▸ **Problem**
What is needed is a word-for-word copy of every record below, minus the pictures.

▸ **The records**
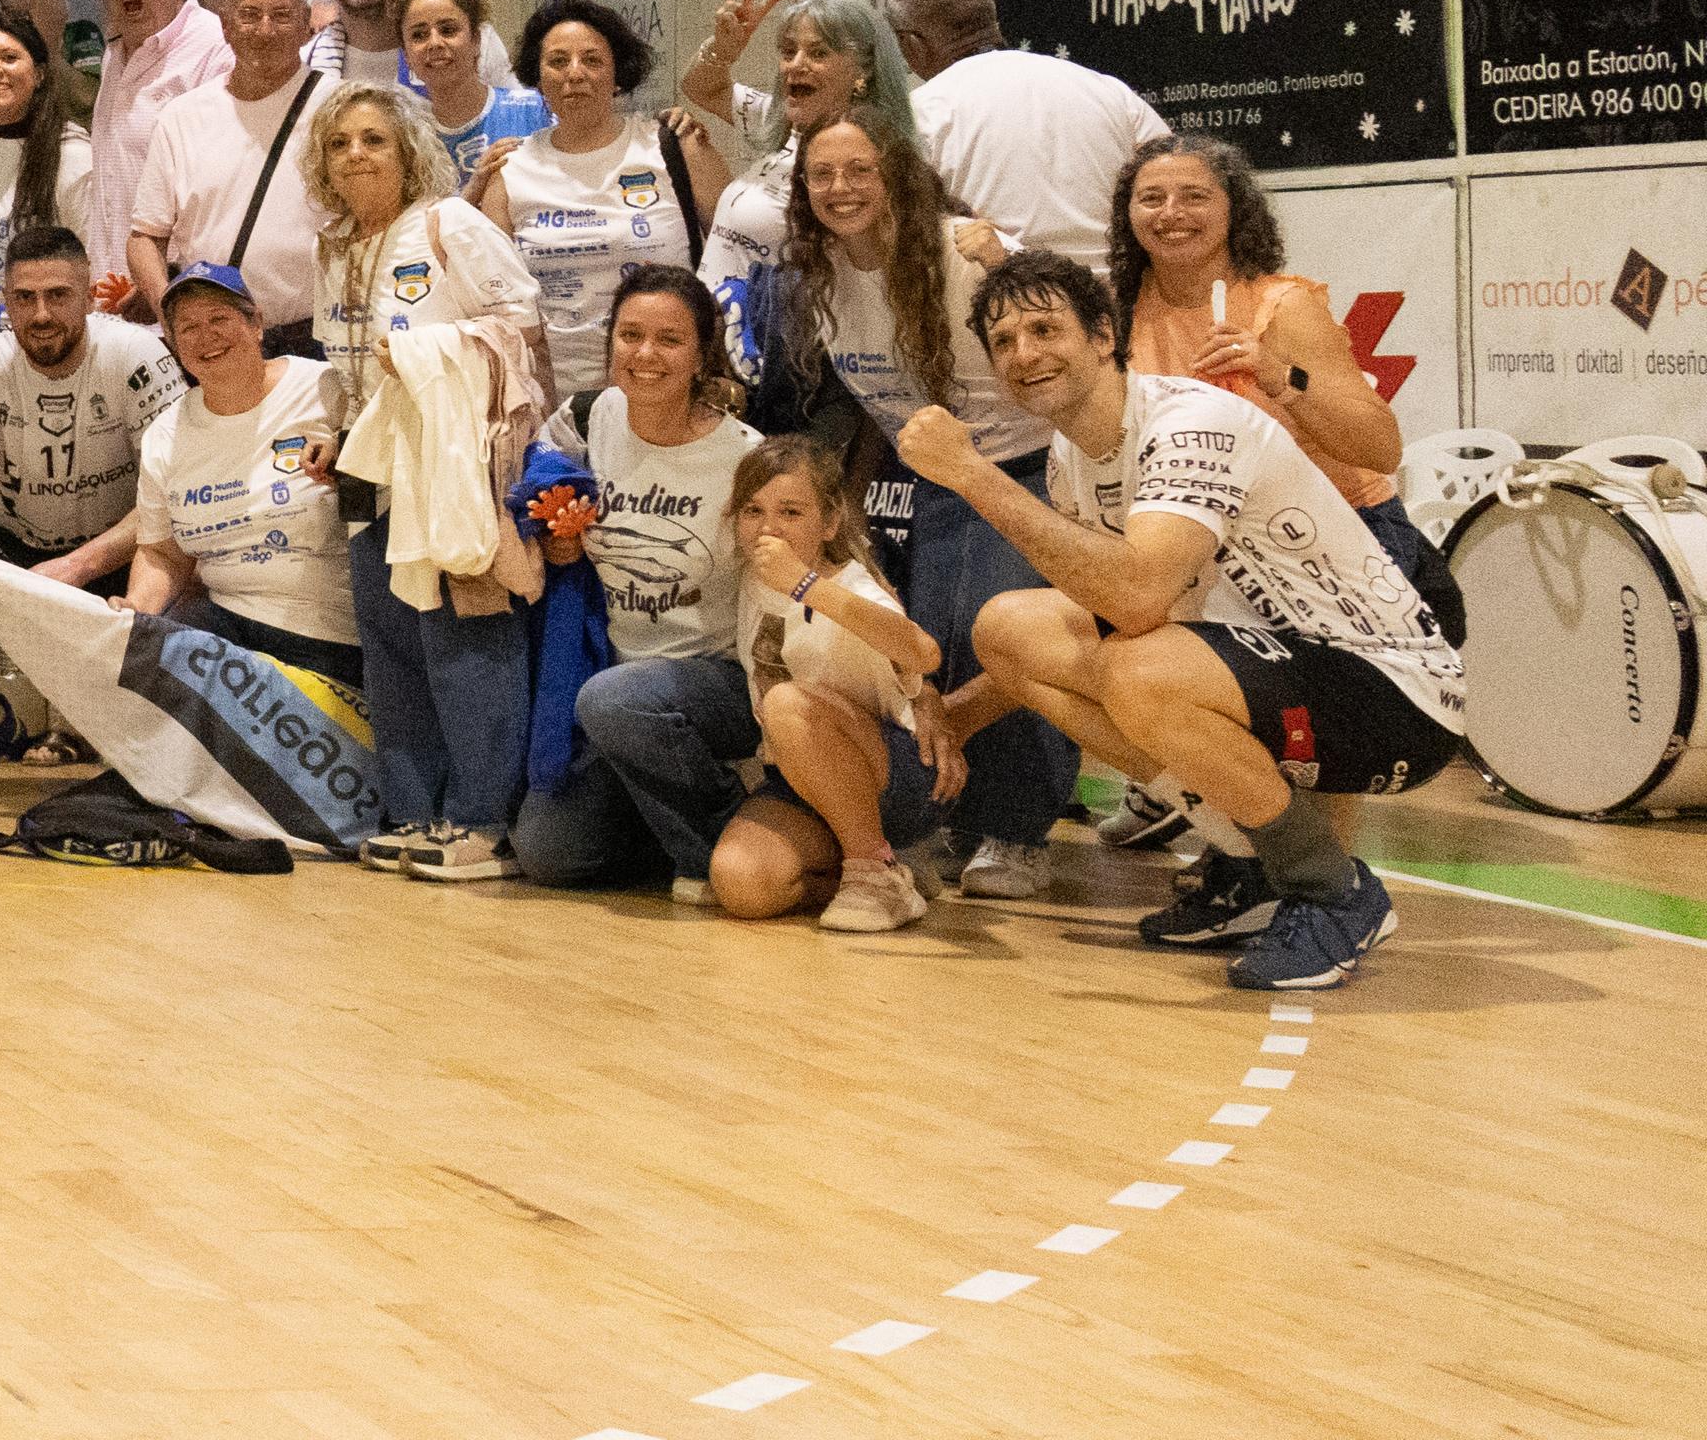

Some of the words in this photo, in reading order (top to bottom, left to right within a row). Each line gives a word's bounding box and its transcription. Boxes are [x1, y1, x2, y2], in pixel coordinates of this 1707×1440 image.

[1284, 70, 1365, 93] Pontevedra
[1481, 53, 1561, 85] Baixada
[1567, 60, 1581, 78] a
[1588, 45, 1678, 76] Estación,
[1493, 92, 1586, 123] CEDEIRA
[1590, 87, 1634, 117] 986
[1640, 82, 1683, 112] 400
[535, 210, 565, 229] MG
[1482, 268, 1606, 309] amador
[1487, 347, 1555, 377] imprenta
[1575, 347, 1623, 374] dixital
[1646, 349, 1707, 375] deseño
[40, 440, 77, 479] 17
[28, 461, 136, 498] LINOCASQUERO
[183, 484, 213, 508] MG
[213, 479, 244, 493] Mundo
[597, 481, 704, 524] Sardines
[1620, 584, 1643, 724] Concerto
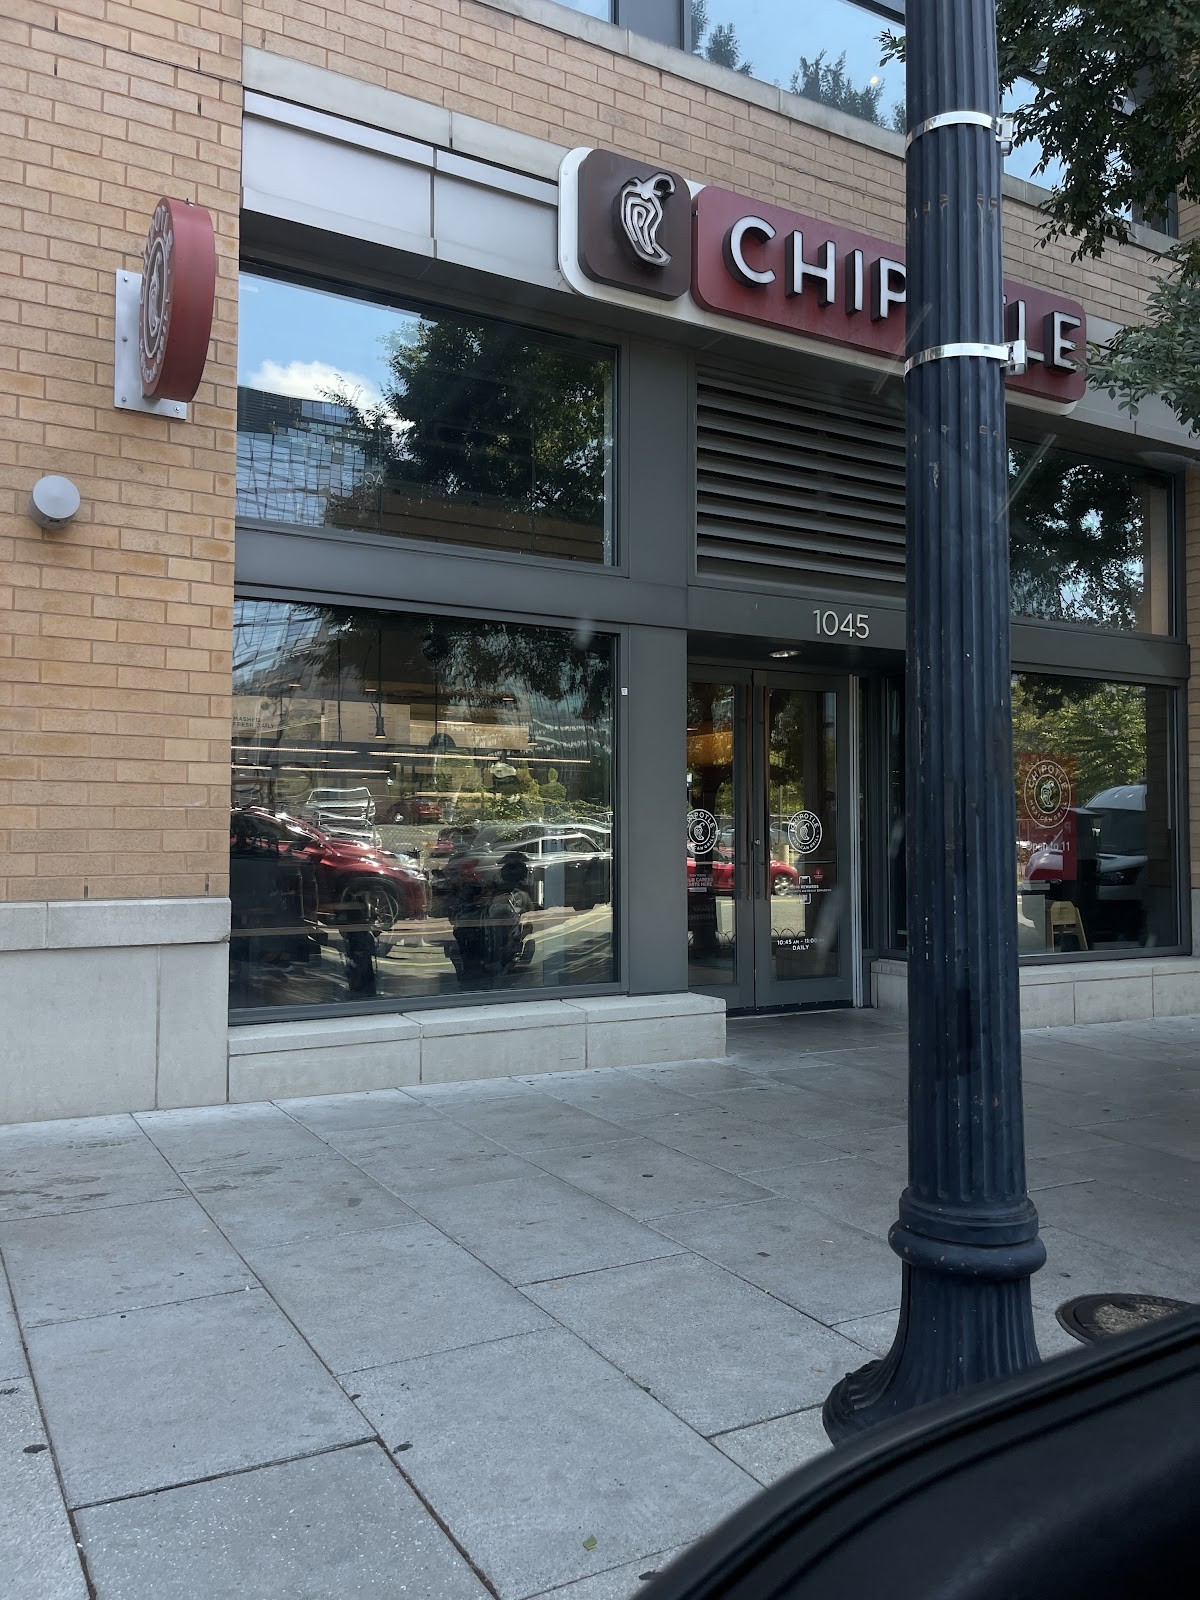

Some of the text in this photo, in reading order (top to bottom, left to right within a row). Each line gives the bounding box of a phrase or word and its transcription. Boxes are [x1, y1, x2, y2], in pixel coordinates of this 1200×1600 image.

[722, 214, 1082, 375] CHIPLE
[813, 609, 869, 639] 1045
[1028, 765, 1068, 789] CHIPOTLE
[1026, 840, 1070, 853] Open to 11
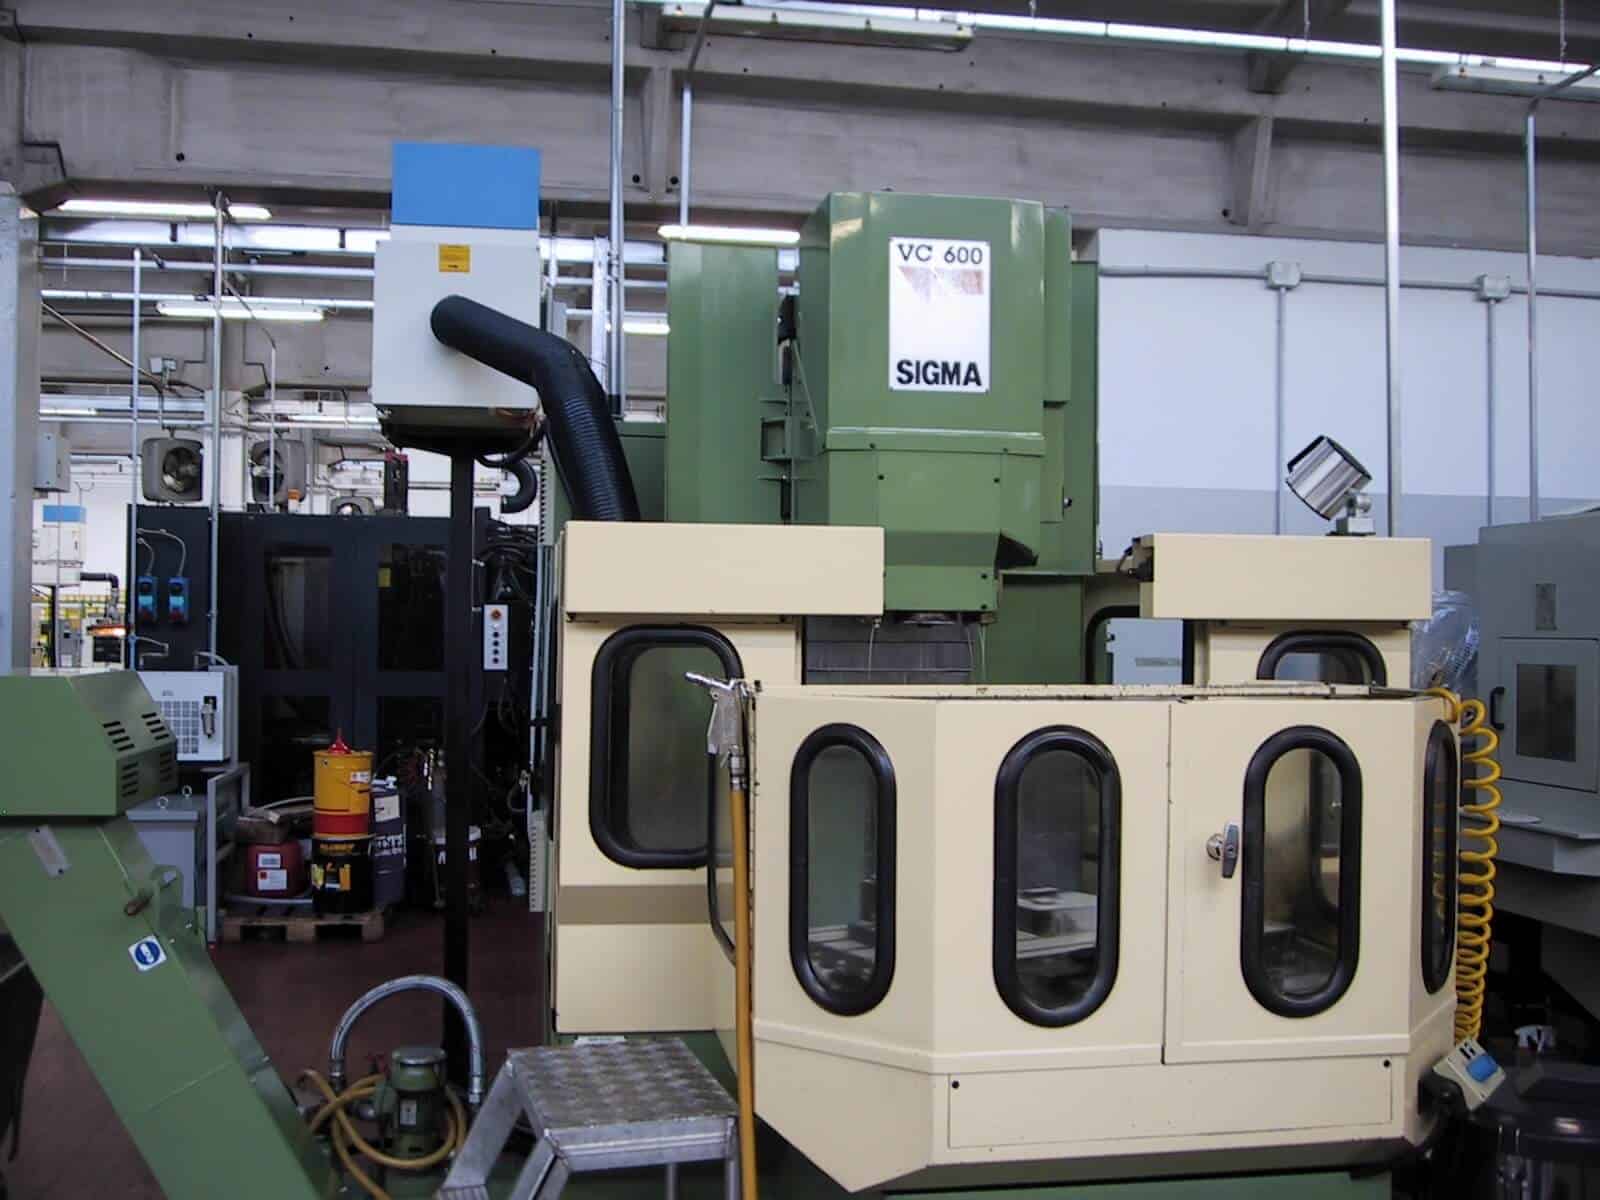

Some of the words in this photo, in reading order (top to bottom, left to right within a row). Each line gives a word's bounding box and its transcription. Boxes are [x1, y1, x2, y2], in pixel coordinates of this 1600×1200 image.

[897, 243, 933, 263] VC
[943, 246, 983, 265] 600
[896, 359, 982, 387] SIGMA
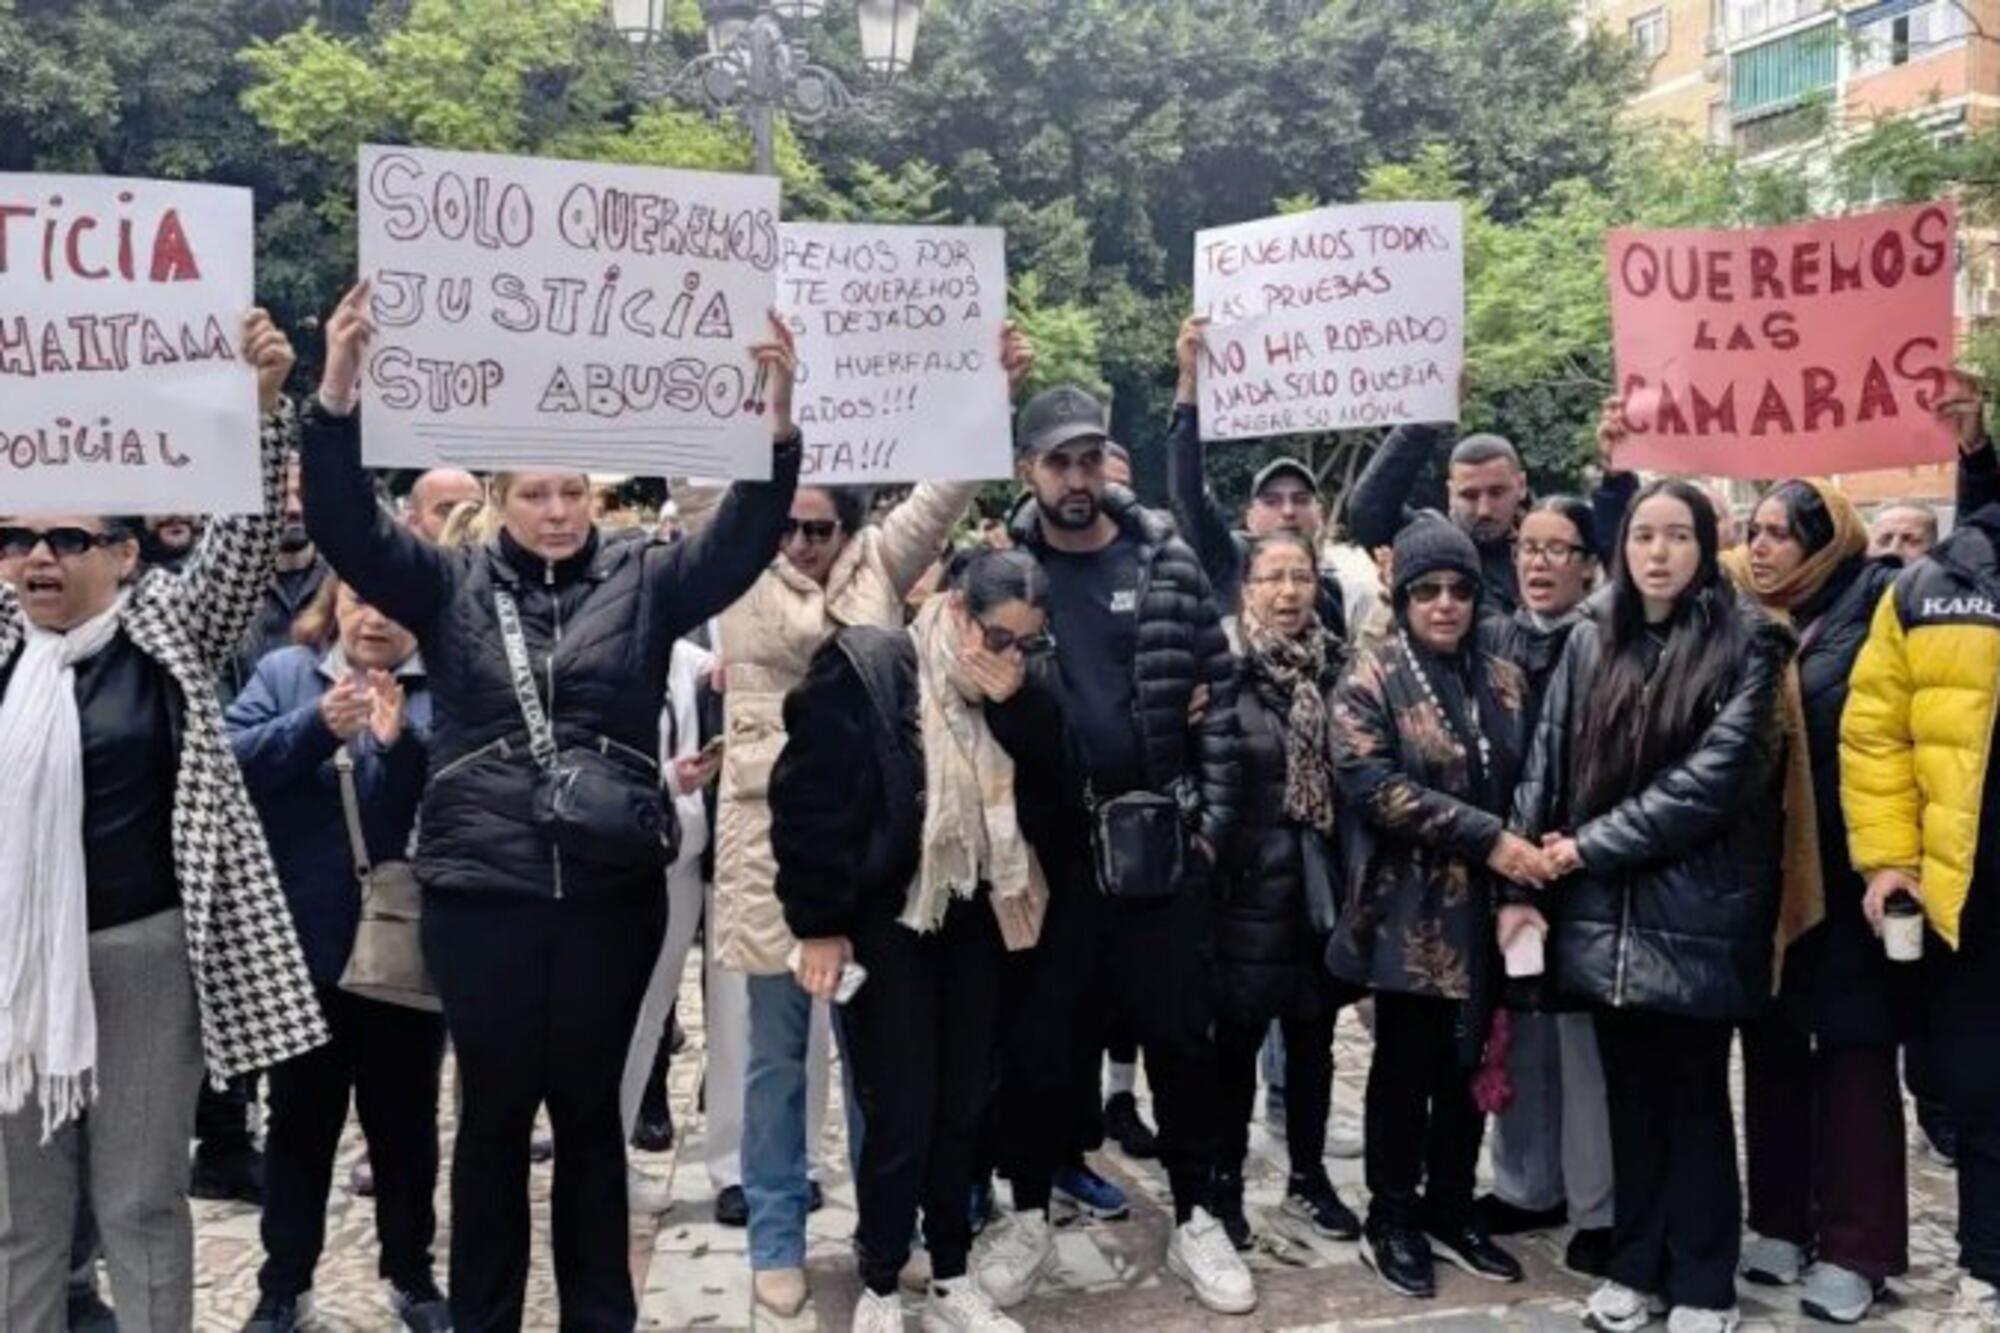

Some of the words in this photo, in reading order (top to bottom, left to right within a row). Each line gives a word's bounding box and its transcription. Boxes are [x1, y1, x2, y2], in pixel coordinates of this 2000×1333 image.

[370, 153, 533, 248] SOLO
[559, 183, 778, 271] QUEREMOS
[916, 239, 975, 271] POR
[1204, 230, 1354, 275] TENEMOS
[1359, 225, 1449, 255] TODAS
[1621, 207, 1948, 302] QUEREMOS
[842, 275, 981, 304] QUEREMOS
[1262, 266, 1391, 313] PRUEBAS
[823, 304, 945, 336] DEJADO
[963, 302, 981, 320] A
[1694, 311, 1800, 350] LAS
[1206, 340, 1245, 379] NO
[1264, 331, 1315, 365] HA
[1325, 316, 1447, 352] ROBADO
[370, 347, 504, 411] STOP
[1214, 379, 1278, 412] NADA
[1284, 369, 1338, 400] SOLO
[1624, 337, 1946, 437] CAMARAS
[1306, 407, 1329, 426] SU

▸ **Written response**
Some of the words in this photo, in reading order (top to bottom, left to right within a row). Each line gives a word's bounding box and its transcription. Boxes are [x1, y1, x2, y2], in pixel coordinates of this 1707×1440 image.

[1284, 70, 1365, 93] Pontevedra
[1481, 53, 1561, 85] Baixada
[1567, 60, 1581, 78] a
[1588, 45, 1678, 76] Estación,
[1493, 92, 1586, 123] CEDEIRA
[1590, 87, 1634, 117] 986
[1640, 82, 1683, 112] 400
[535, 210, 565, 229] MG
[1482, 268, 1606, 309] amador
[1487, 347, 1555, 377] imprenta
[1575, 347, 1623, 374] dixital
[1646, 349, 1707, 375] deseño
[40, 440, 77, 479] 17
[28, 461, 136, 498] LINOCASQUERO
[183, 484, 213, 508] MG
[213, 479, 244, 493] Mundo
[597, 481, 704, 524] Sardines
[1620, 584, 1643, 724] Concerto

Some of the text in this photo, in reading order (top to bottom, left to right within a row). Each line gives the bounding box of a phrase or word and its transcription. Boxes are [x1, y1, x2, y2], in pixel coordinates of this 1200×1600 image.

[722, 214, 1082, 375] CHIPLE
[813, 609, 869, 639] 1045
[1028, 765, 1068, 789] CHIPOTLE
[1026, 840, 1070, 853] Open to 11

Some of the words in this photo, in reading order (top to bottom, left to right within a row). Each line gives a word's bounding box and its transcription. Boxes are [x1, y1, x2, y2], in pixel coordinates of this 1600×1200 image.

[897, 243, 933, 263] VC
[943, 246, 983, 265] 600
[896, 359, 982, 387] SIGMA

Some of the words in this photo, in reading order (top to bottom, left to right within a row). Each line gives a word's bounding box and its transcription. Boxes are [x1, y1, x2, y2], in pixel coordinates of this 2000×1333 image.

[370, 153, 533, 248] SOLO
[559, 183, 778, 271] QUEREMOS
[916, 239, 975, 271] POR
[1204, 230, 1354, 275] TENEMOS
[1359, 225, 1449, 255] TODAS
[1621, 207, 1948, 302] QUEREMOS
[842, 275, 981, 304] QUEREMOS
[1262, 266, 1391, 313] PRUEBAS
[823, 304, 945, 336] DEJADO
[963, 302, 981, 320] A
[1694, 311, 1800, 350] LAS
[1206, 340, 1245, 379] NO
[1264, 331, 1315, 365] HA
[1325, 316, 1447, 352] ROBADO
[370, 347, 504, 411] STOP
[1214, 379, 1278, 412] NADA
[1284, 369, 1338, 400] SOLO
[1624, 337, 1946, 437] CAMARAS
[1306, 407, 1329, 426] SU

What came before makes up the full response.